L’inchiesta è coordinata dal procuratore di Roma Francesco Lo Voi. Era stata avviata dal pm Carlo Villani, nel frattempo passato a dirigere la procura di Velletri, ed è ora seguita dal sostituto della Direzione distrettuale antimafia Edoardo De Santis. Un primo pezzo della catena era già stato ricostruito alla fine di giugno, quando erano state eseguite quattro misure cautelari nei confronti di tre uomini e una donna indicati come gli esecutori materiali dell’attentato. Sono accusati, a vario titolo, di detenzione, porto in luogo pubblico e utilizzo di un ordigno esplosivo, minaccia e danneggiamento, con le aggravanti di aver agito in più di cinque persone e con modalità di tipo mafioso.Mancava però il livello superiore.

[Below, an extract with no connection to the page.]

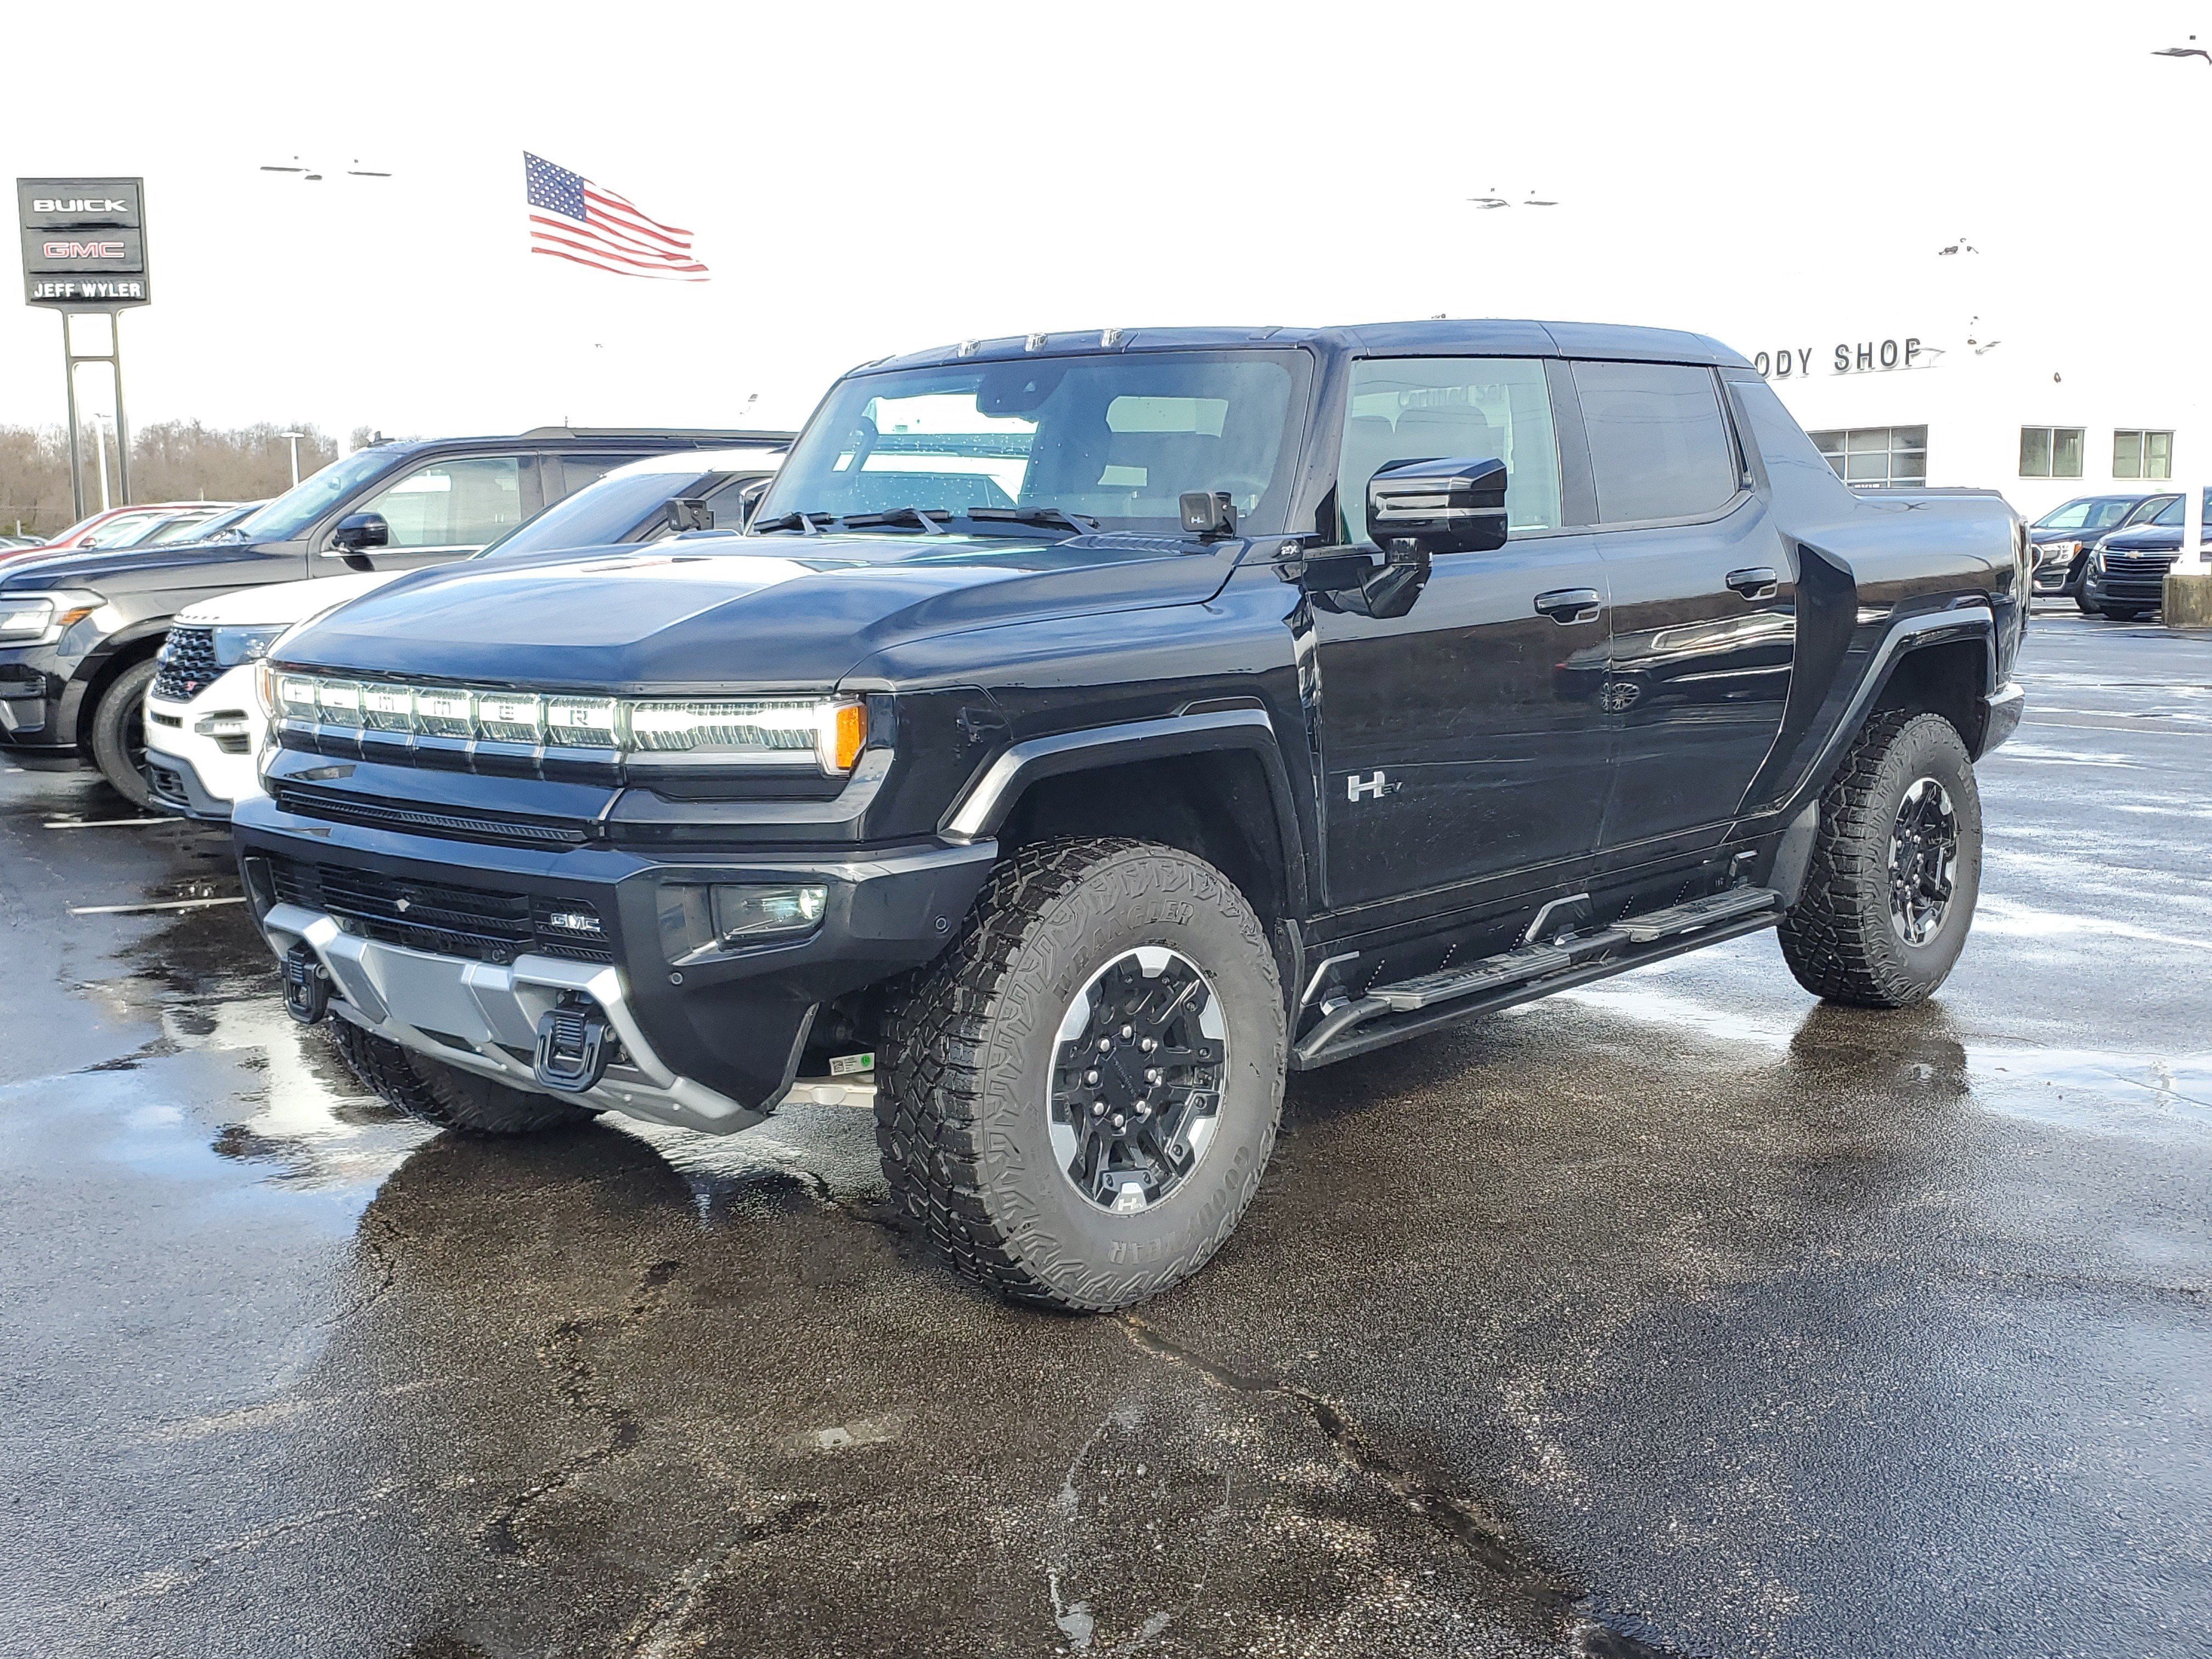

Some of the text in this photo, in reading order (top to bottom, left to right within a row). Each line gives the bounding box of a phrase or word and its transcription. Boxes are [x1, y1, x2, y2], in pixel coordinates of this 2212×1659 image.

Chi aveva dato l’ordine? E attraverso chi era arrivato agli esecutori? È qui che entra in scena Gomes Clesio Tavares, cittadino camerunese, amico e factotum di Lavitola. Anche nei suoi confronti il gip ha emesso una misura cautelare: secondo l’accusa sarebbe stato proprio lui a fare da collegamento tra l’ex editore e il gruppo che avrebbe materialmente eseguito l’attentato.
Gli investigatori erano arrivati a Gomes già prima degli arresti di giugno, mettendo sotto intercettazione alcune utenze telefoniche a lui riconducibili. E uno degli uomini finiti in carcere, Pellegrino D’Avino, ha ammesso di conoscerlo: i due avevano lavorato insieme nella sicurezza di locali e cerimonie in Campania. È attraverso questo rapporto che, secondo la procura, si chiuderebbe la catena: Lavitola avrebbe dato l’ordine, Gomes avrebbe fatto da intermediario e gli uomini già arrestati lo avrebbero eseguito. Gomes, però, non è stato trovato. Era partito per il Camerun già prima delle perquisizioni di luglio e adesso è ricercato.
Lavitola, del resto, è un nome che da quasi vent’anni attraversa alcune delle vicende giudiziarie più controverse della politica italiana. Ex direttore ed editore dell’”Avanti!”, molto vicino a Silvio Berlusconi negli anni del suo ultimo governo, si muoveva tra politica, affari e relazioni internazionali, soprattutto in America Latina. Il suo nome è comparso nelle indagini sui rapporti con l’allora presidente di Panama Ricardo Martinelli e, soprattutto, nell’inchiesta che coinvolse Berlusconi e l’imprenditore barese Giampaolo Tarantini. Vicenda per cui Lavitola è stato condannato per una tentata estorsione all’ex presidente del consiglio.